**What the task requires**
The data below should be transcribed in full, with no picture included.

────────────────────────────────────────

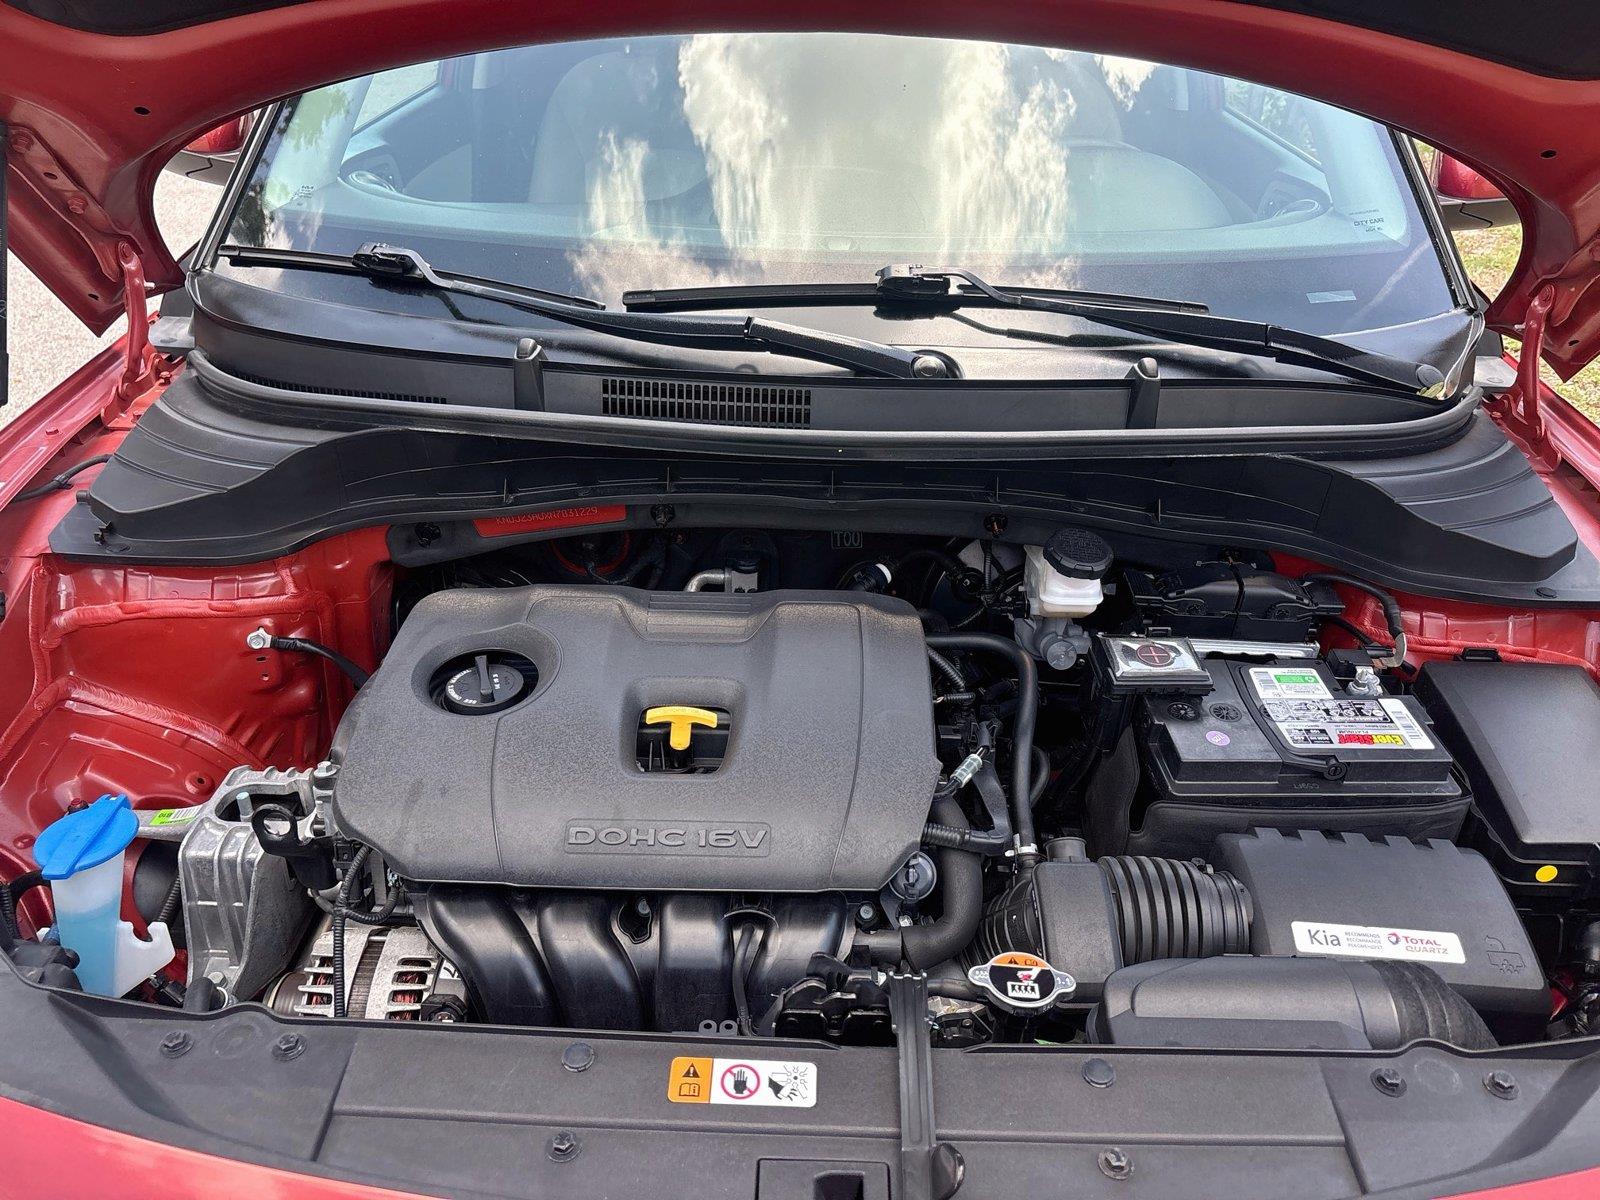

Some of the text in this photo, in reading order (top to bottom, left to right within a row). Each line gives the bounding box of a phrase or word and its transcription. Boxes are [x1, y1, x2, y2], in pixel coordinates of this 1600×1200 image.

[567, 827, 768, 849] DOHC 16V
[1308, 929, 1342, 947] Kia
[1402, 935, 1442, 947] TOTAL
[1405, 945, 1449, 955] QUARTZ
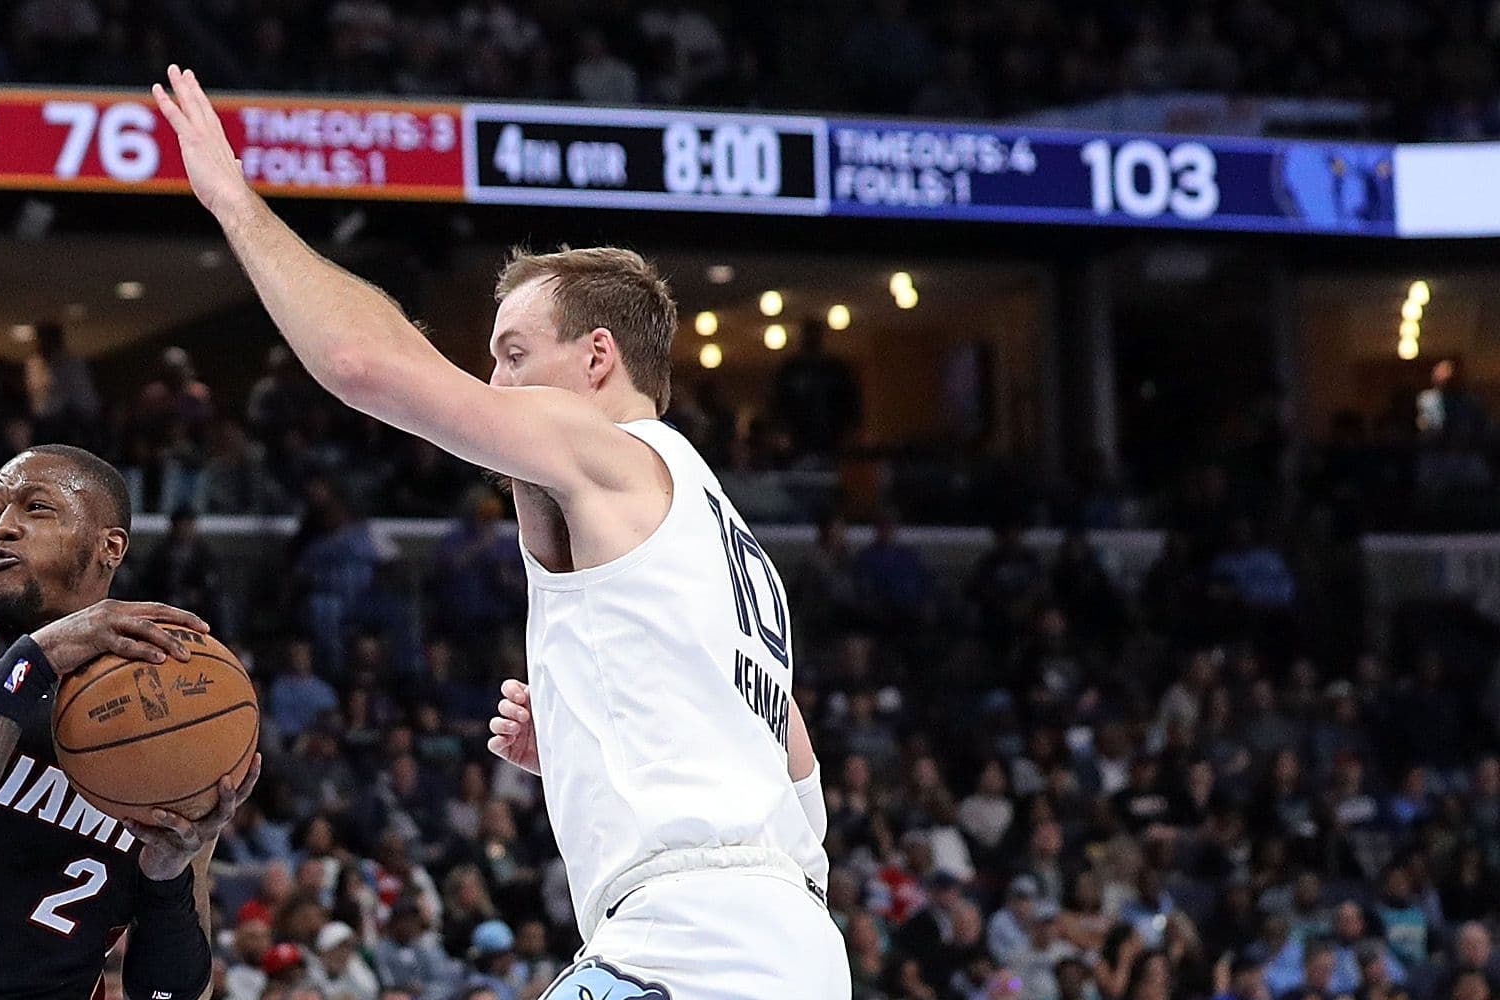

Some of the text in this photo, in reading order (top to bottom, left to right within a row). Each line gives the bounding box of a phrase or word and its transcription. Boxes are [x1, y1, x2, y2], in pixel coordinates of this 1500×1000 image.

[42, 100, 160, 182] 76
[663, 121, 781, 197] 8:00
[1082, 139, 1220, 220] 103
[703, 485, 789, 669] 10
[734, 648, 789, 754] KENNAR
[30, 857, 108, 935] 2

────────────────────────────────────────

**Exercise output**
Some of the text in this photo, in reading order (top to bottom, left to right within a row). Each line gives the bounding box of a phrase or word and its transcription. Boxes are [x1, y1, x2, y2], in pixel coordinates of this 1600×1200 image.

[567, 827, 768, 849] DOHC 16V
[1308, 929, 1342, 947] Kia
[1402, 935, 1442, 947] TOTAL
[1405, 945, 1449, 955] QUARTZ

Some of the text in this photo, in reading order (top to bottom, left to right within a row). Each line gives the bounding box of a phrase or word and its transcription. Boxes are [x1, y1, x2, y2], in pixel coordinates of this 1500×1000 image.

[42, 100, 160, 182] 76
[663, 121, 781, 197] 8:00
[1082, 139, 1220, 220] 103
[703, 485, 789, 669] 10
[734, 648, 789, 754] KENNAR
[30, 857, 108, 935] 2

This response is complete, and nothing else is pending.